There was no association between statins and having seizures >7 days post ICH and within 12-months (28 patients with statins and 41 patients without [crude incidence: statins: 11.5% versus no statins: 7.8%]) or 5 years (43 patients with statins and 64 patients without [crude incidence: statins: 17.6% versus no statins: 12.2%]). After excluding patients with atrial fibrillation, rates of adverse cardiovascular events were lower in the statin group at 12 months (crude incidence: statins: 11.6% versus no statins: 18.5%; HR, 0.60 [95% CI, 0.36–1.02], p=0.058) and at 5 years (20.9% versus 33.3%; HR, 0.56 [95% CI, 0.38–0.83], p=0.004). Statin use was associated with having functional recovery after 12 months (79/137 [57.7%] versus 103/229 [45.0%]; OR, 1.67 [95% CI, 1.09–2.56], p=0.019).

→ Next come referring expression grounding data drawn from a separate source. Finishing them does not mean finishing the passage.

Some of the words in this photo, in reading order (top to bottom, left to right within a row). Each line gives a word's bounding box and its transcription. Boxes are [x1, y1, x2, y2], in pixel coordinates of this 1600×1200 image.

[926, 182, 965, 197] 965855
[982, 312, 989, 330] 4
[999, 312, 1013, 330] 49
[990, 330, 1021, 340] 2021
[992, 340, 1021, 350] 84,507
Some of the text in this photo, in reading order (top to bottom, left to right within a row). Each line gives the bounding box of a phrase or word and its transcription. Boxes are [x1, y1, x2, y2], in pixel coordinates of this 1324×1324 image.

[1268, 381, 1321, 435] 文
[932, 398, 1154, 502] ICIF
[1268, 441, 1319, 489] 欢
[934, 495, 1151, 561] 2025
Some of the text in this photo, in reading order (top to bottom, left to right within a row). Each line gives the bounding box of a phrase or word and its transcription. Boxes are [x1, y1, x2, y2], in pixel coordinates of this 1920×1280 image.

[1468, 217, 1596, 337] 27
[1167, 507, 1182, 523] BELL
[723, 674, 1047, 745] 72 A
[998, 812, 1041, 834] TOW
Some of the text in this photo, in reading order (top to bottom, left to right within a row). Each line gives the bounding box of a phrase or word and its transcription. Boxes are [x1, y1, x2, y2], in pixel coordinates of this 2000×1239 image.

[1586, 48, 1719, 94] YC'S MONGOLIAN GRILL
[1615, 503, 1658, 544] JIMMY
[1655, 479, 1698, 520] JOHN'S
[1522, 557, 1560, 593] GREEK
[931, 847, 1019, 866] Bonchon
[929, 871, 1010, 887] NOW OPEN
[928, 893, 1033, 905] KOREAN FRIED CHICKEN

These data suggest that among patients with ICH, statin use may be associated with a higher risk of lobar compared with deep ICH, but the mechanism for this is unclear. Although statin initiation following ICH was associated with greater peak PHE, statin use at discharge was associated with a reduction in adverse cardiovascular events and better functional recovery after 12 months. Additional research is needed to further explore the effects of statins in the setting of ICH and the impact of statin type or dose.